Bull, Lucien

Lucien Bull (1876-1972)
Inventor


Lucien Bull was born in Dublin on the 8th of January 1876, son of Cornelius Bull and Gabrielle Joune, Lucien attended school in Dublin and in 1894 moved to France and in 1895 became an assistant in Paris to Étienne-Jules Marey, a pioneer in the world of cinematography. Marey was a physiologist, studying how the human body works and felt that if he could capture human movement on film, he would be able to expand scientific understanding in this field. Marey’s camera was the forerunner of the motion picture camera. Lucien Bull devised a high-speed version of this camera.

Marey’s work was not exclusively in the world of film. As a physiologist he was fascinated by every element of the way that the body functioned, including the heart. In fact as early as 1876 Marey used an electrometer to record the electrical activity of an exposed frog’s heart. This was to prove the forerunner of the electrocardiograph (ECG). Bull continued Marey’s work on the ECG, using the data obtained from pioneer research by Waller and Einthoven. Bull’s version, patented in 1908, was a much more viable design than the one that won Einthoven a Nobel Prize. However, many believed that it did not achieve the recognition that it deserved.

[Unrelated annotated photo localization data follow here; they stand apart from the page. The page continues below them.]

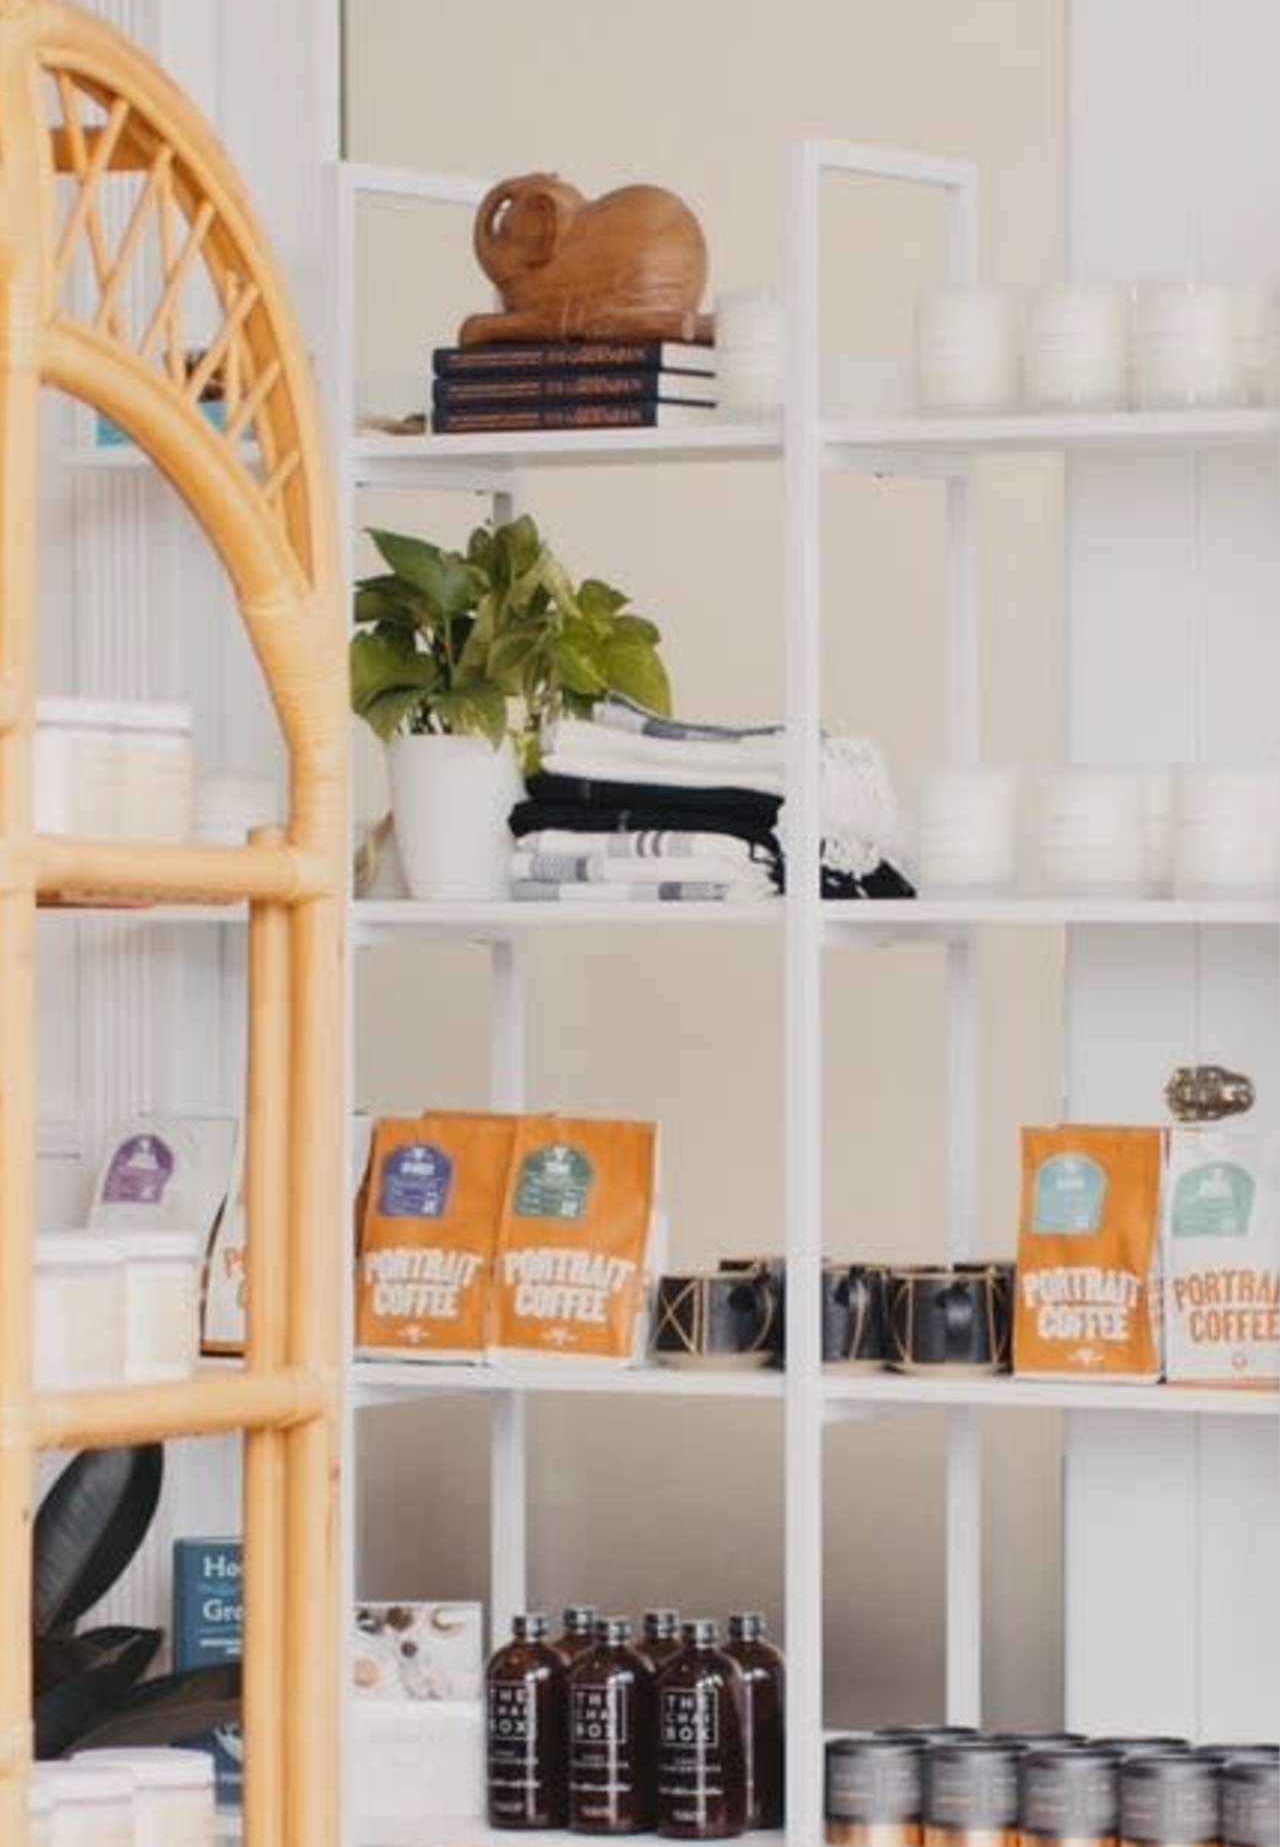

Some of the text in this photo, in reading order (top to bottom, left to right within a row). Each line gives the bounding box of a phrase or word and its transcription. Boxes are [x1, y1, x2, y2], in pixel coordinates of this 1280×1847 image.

[365, 1249, 484, 1287] PORTRAIT
[505, 1249, 637, 1293] PORTRAIT
[374, 1283, 459, 1317] COFFEE
[514, 1284, 608, 1322] COFFEE
[1022, 1267, 1140, 1308] PORTRAIT
[1173, 1269, 1280, 1312] PORTRAI
[1037, 1306, 1130, 1341] COFFEE
[1190, 1310, 1280, 1342] COFFEE
[203, 1556, 242, 1577] Ho
[577, 1692, 613, 1704] TH

After Marey’s death in 1904, Bull became the Director of l’Institut Marey in Paris. In 1933, he was put in charge of research at the National Office of Research and Invention. Honours included the CBE (1920), and the Legion of Honour (1954). He was awarded gold medals by the National Office of Research and Invention (1933), the Palace of Discovery (1937), and the Society for the Encouragement of the National Industry (1947).

Lucien Bull died in Paris in August 1972.